● **Assignment**: Leave out the pictures and give back all the entries exactly as written.

● **Provided records**:
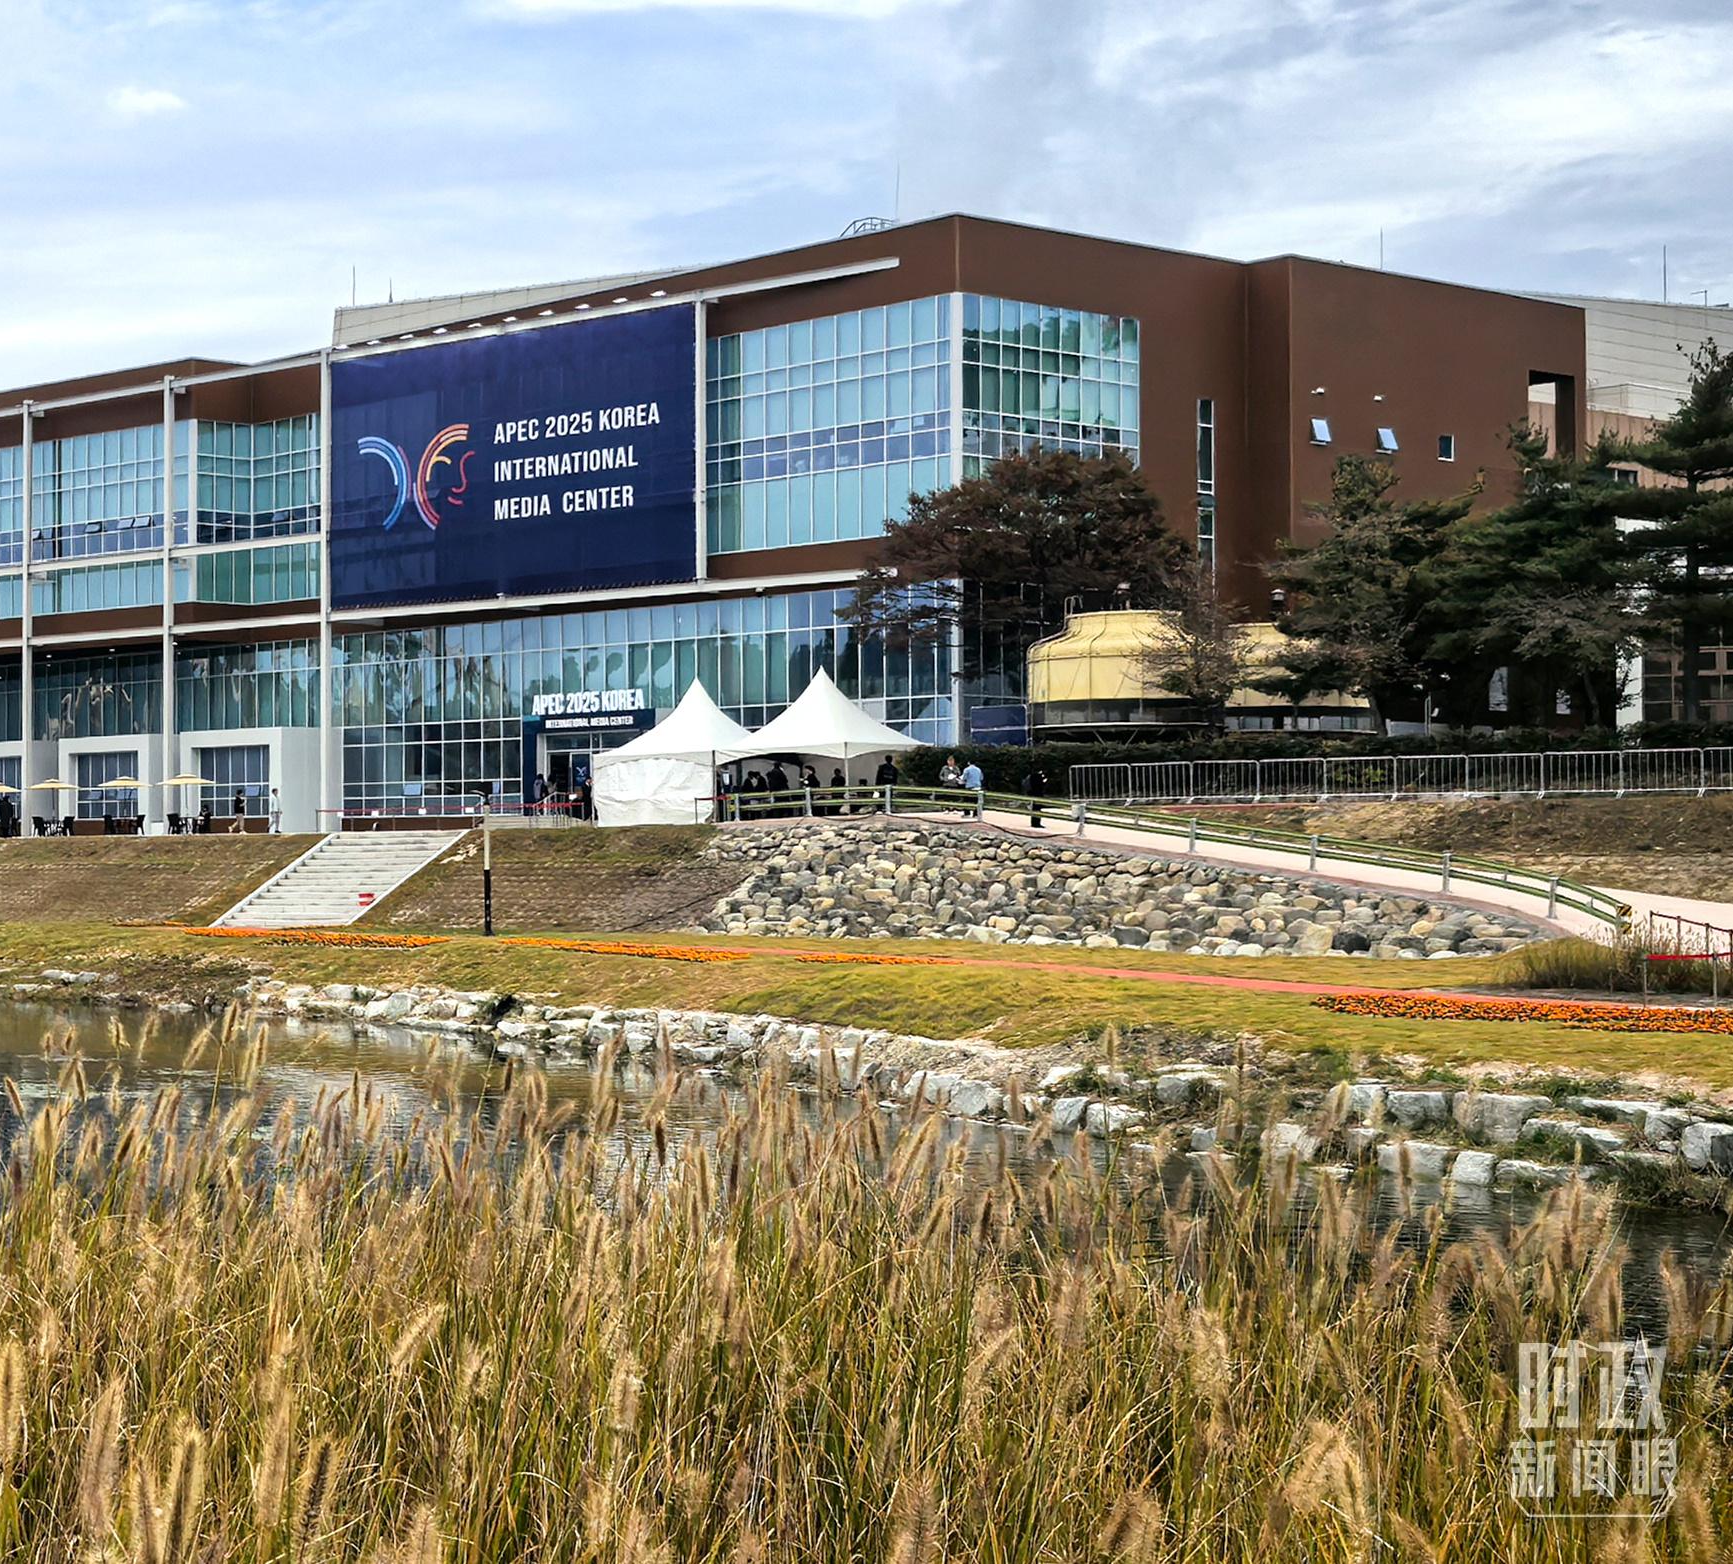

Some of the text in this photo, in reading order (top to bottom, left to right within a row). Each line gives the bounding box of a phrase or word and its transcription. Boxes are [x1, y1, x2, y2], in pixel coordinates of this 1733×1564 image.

[493, 402, 660, 444] APEC 2025 KOREA
[494, 445, 639, 483] INTERNATIONAL
[494, 485, 634, 521] MEDIA CENTER
[532, 688, 645, 716] APEC 2025 KOREA
[545, 716, 634, 729] INTERNATIONAL MEDIA CENTER
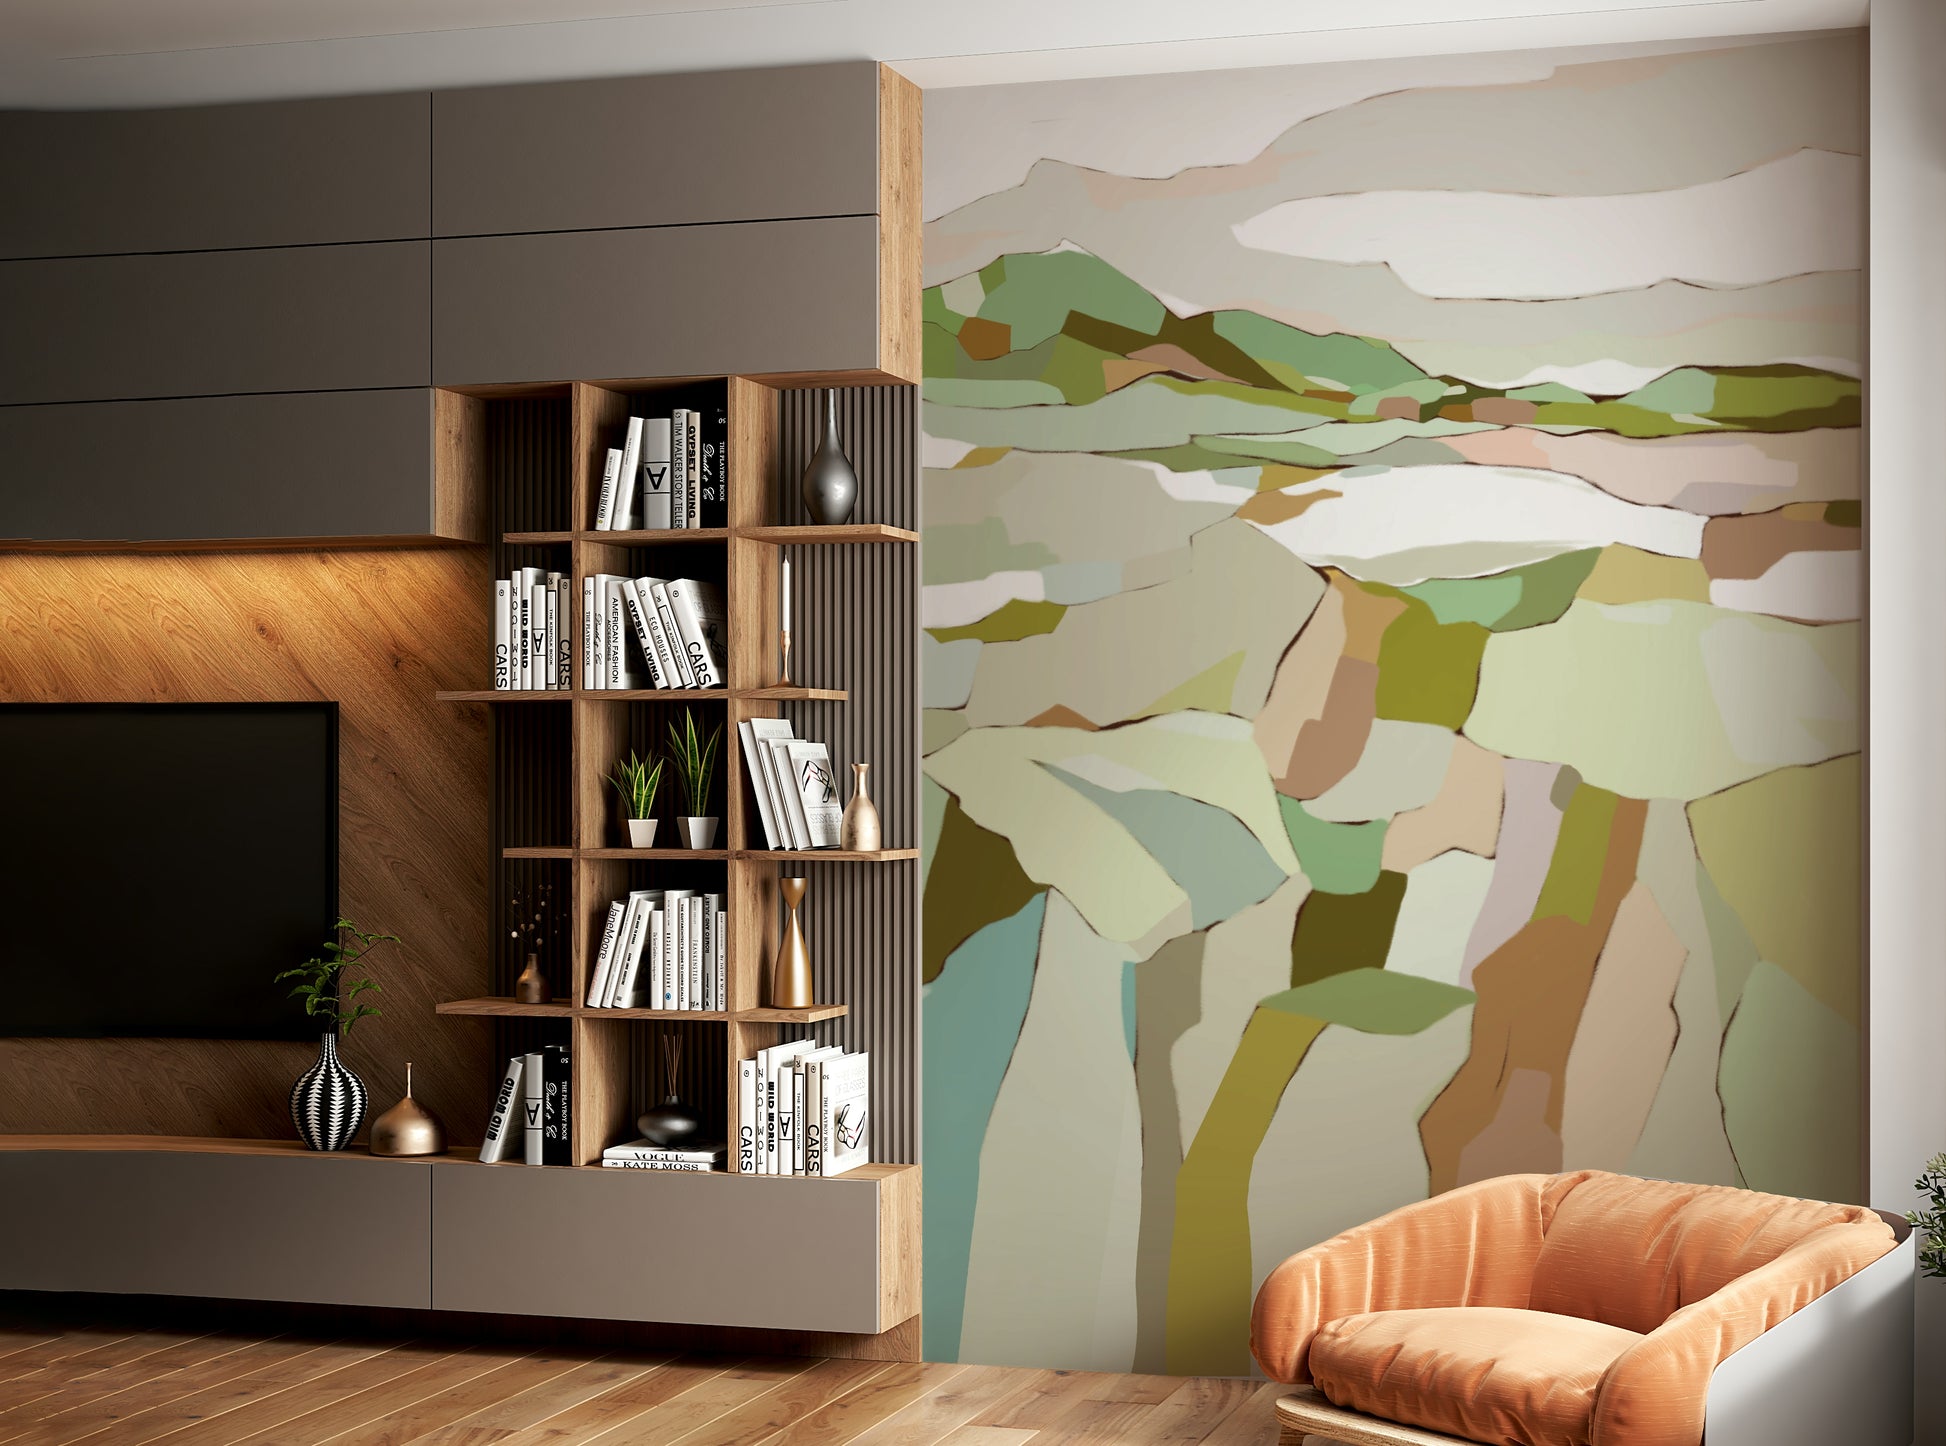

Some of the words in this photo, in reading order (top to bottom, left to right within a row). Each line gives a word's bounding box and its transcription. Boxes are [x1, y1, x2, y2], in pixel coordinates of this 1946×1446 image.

[674, 422, 683, 439] TIM
[674, 440, 683, 472] WALKER
[674, 475, 683, 502] STORY
[674, 503, 683, 529] TELLER
[628, 600, 646, 640] GYPSET
[644, 646, 660, 682] LIVING
[650, 616, 658, 631] ECO
[656, 635, 670, 663] HOUSES
[496, 644, 508, 688] CARS
[560, 640, 571, 686] CARS
[688, 642, 712, 686] CARS
[623, 1161, 658, 1170] KATE
[662, 1162, 699, 1170] MOSS
[634, 1152, 684, 1162] VOGUE
[740, 1126, 752, 1171] CARS
[808, 1124, 820, 1172] CARS
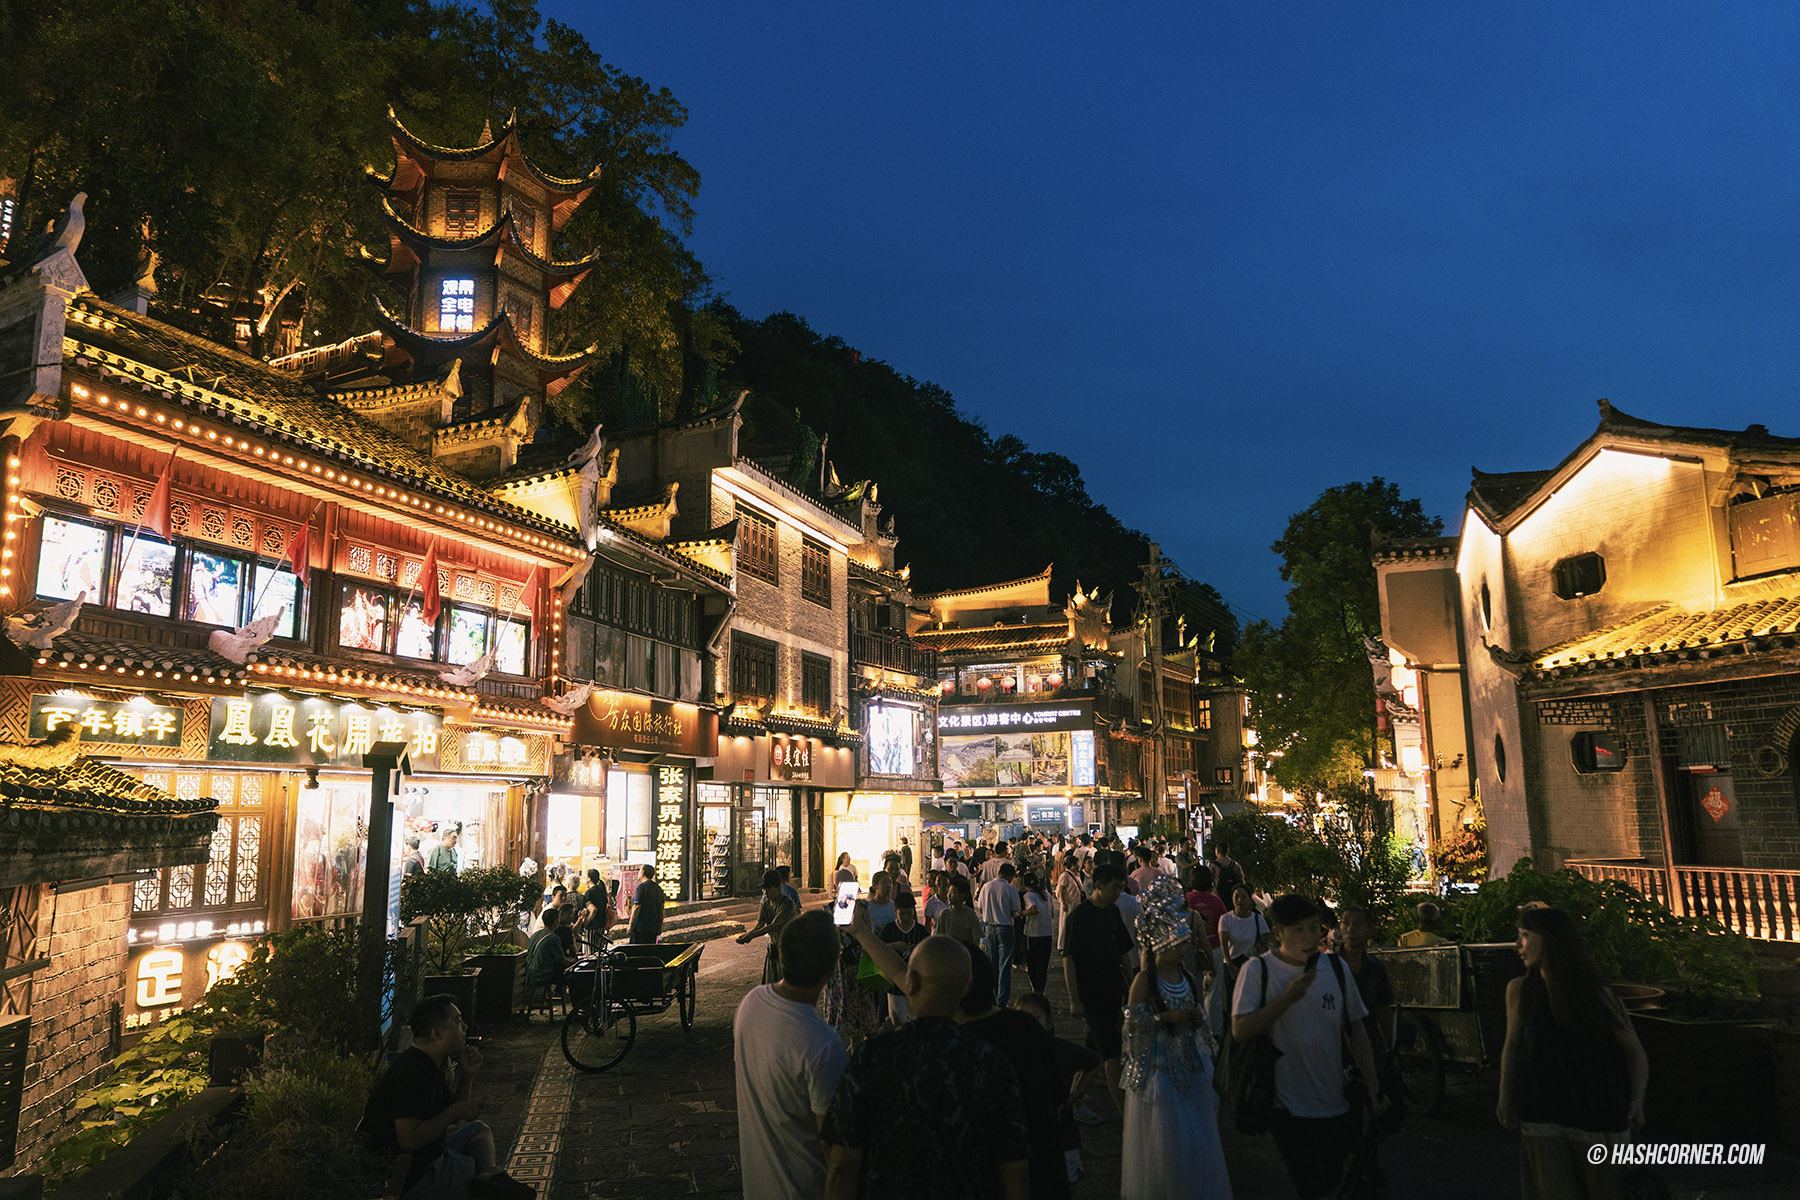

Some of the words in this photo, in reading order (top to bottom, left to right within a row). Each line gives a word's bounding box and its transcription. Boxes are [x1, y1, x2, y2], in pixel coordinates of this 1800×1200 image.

[218, 700, 437, 758] 鳳凰花開旅拍
[784, 744, 809, 767] 美宜佳
[656, 767, 684, 900] 张家界旅游接待

● **Task result**:
Some of the text in this photo, in reading order (top to bottom, left to right within a row). Each line gives the bounding box of a phrase or word and its transcription. Boxes are [x1, y1, x2, y2], in pixel coordinates of this 1733×1564 image.

[493, 402, 660, 444] APEC 2025 KOREA
[494, 445, 639, 483] INTERNATIONAL
[494, 485, 634, 521] MEDIA CENTER
[532, 688, 645, 716] APEC 2025 KOREA
[545, 716, 634, 729] INTERNATIONAL MEDIA CENTER

Some of the words in this photo, in reading order (top to bottom, left to right within a row). Each line gives a word's bounding box and its transcription. Boxes are [x1, y1, x2, y2], in pixel coordinates of this 1946×1446 image.

[674, 422, 683, 439] TIM
[674, 440, 683, 472] WALKER
[674, 475, 683, 502] STORY
[674, 503, 683, 529] TELLER
[628, 600, 646, 640] GYPSET
[644, 646, 660, 682] LIVING
[650, 616, 658, 631] ECO
[656, 635, 670, 663] HOUSES
[496, 644, 508, 688] CARS
[560, 640, 571, 686] CARS
[688, 642, 712, 686] CARS
[623, 1161, 658, 1170] KATE
[662, 1162, 699, 1170] MOSS
[634, 1152, 684, 1162] VOGUE
[740, 1126, 752, 1171] CARS
[808, 1124, 820, 1172] CARS

Some of the words in this photo, in reading order (top to bottom, left to right within a row). Each line gives a word's bounding box and its transcription. Boxes are [x1, y1, x2, y2], in pixel coordinates of this 1800×1200 image.

[218, 700, 437, 758] 鳳凰花開旅拍
[784, 744, 809, 767] 美宜佳
[656, 767, 684, 900] 张家界旅游接待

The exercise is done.